You can get fired at any point - from as soon as six games in, to as late as the penultimate day of the season, when the Phillies dumped Larry Bowa in 2004. If we divide the season in six equal sections of 27 games, five managers got their marching orders in the first sixth, with the numbers for the subsequent sections being eight, seven, seven, three and four. So it seems that May through the All-Star break [usually happening early in the fourth division] are the dangerous times for a manager. Only four of the 34 went down while above .500 in the standings; the most memorable example being Ned Yost, canned while his Brewers were leading the 2008 NL wild-card race.

But when we look at overall win percentages, we see that managerial replacements have only the tiniest effect on a team's success. All told, we're looking at a sample size of about 5,500 games for each year. In the one before the firing, teams won at a .480 rate. In the season where they got rid of the manager, that dropped to .441 before the dismissal. The replacement(s) did do better: very, very slightly, getting the win percentage up to .457 - given the average replacement worked 88 games, that works out at a mere 1.4 additional wins over the rest of the season, compared to the man they replaced.

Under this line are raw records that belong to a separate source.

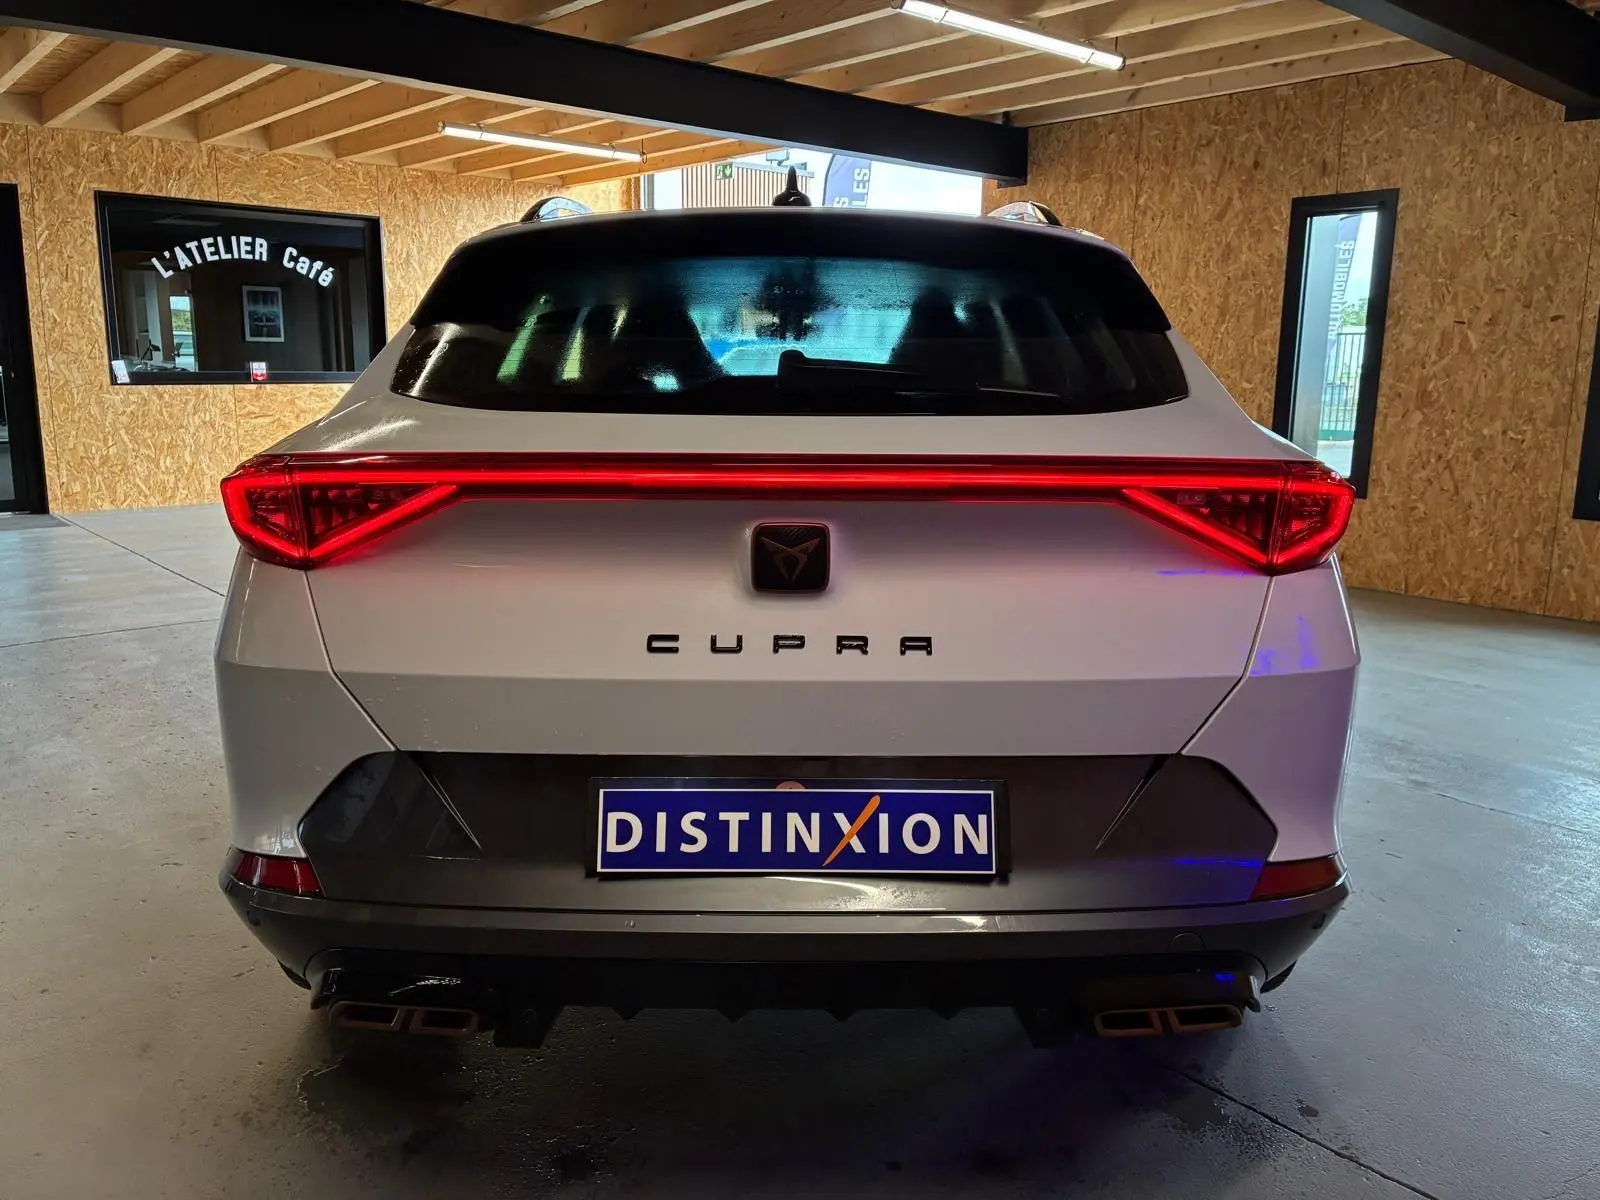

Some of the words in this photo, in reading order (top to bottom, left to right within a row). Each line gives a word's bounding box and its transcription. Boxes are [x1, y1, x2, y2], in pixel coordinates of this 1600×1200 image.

[151, 236, 268, 279] L'ATELIER
[282, 246, 334, 287] Café
[646, 634, 933, 656] CUPRA
[606, 796, 989, 866] DISTINXION
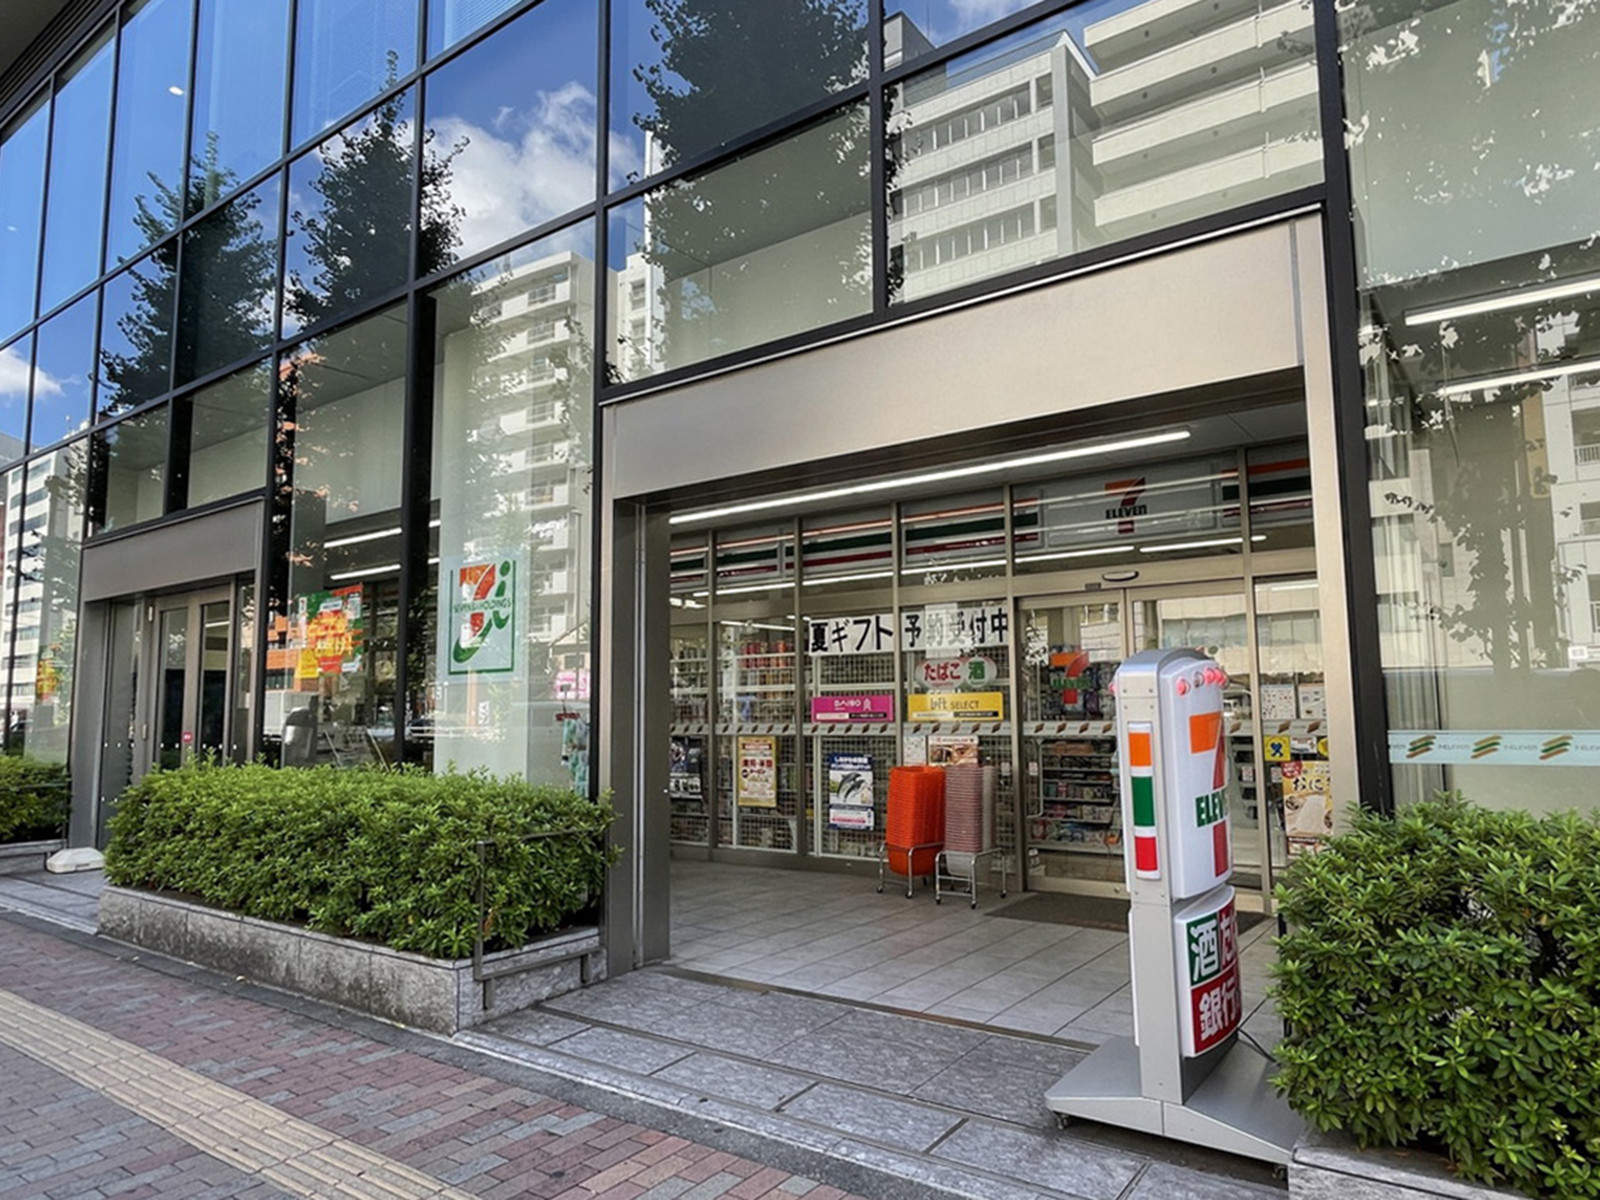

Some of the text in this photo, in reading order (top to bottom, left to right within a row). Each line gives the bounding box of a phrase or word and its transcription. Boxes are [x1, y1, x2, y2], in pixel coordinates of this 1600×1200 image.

[810, 607, 1009, 652] 夏ギフト 予約受付中
[924, 661, 986, 681] たばこ 酒
[950, 700, 980, 710] SELECT
[1189, 919, 1220, 982] 酒

25 of the 34 posted losing records, compared to just nine with winning ones. The three best belong to the World Series winning 2003 Marlins (.605 under Jack McKeon), play-off reaching 2009 Rockies (.638, Jim Tracy) and 2004 Astros (.649, Phil Garner), who fell one game short of making the WS. It's examples like that which mean that teams will keep changing horses in mid-stream, hoping similarly to catch lighting in a bottle. However, it's worth noting, none of the trio came close to matching that W% the following year, posting numbers of .512, .535 and .549, so each lost close to a hundred points.

Even more disheartening is the general lack of further progress made by franchises in the season after a firing, with improvement by no means certain. 20 of the 34 had better records in the year subsequent to a firing; one posted the same record, and 13 actually got worse. Overall, however, the average win percentage climbed just eight points to .465, about 1.4 extra victories over the entire year. 68% of teams still ended up being below .500 again at the end of the next campaign, and only four (12%) managed more than 86 wins: the 2002 Red Sox, 2003 Cubs, plus the 2005 Astros and Phillies.

To conclude, this seems more evidence that managers don't actually have an enormous amount of effect on their team's W-L record. It's difficult to separate managerial effect from player effect - is Gibson's improved W% because he's a better manager than AJ Hinch, or because Gibson has Daniel Hudson's 7-1 record and 1.69 ERA? However, I was surprised how little of a difference the results showed in teams' records before and after a manager is canned. A mere sixteen points is much less than I'd have predicted before crunching numbers.

While there are cases where it has had a much bigger positive impact (Buck Showalter in Baltimore would be this year's prime example), those are definitely the exception rather than the rule. There seems little rhyme or reason to what works or doesn't, e.g. Jim Tracy had managed three straight losing seasons, before he turned the Rockies around last year. But whether it's Gibson or someone else in the D-backs dugout next season, there's not much evidence to expect this change, by itself, will be sufficient to get us back into contention.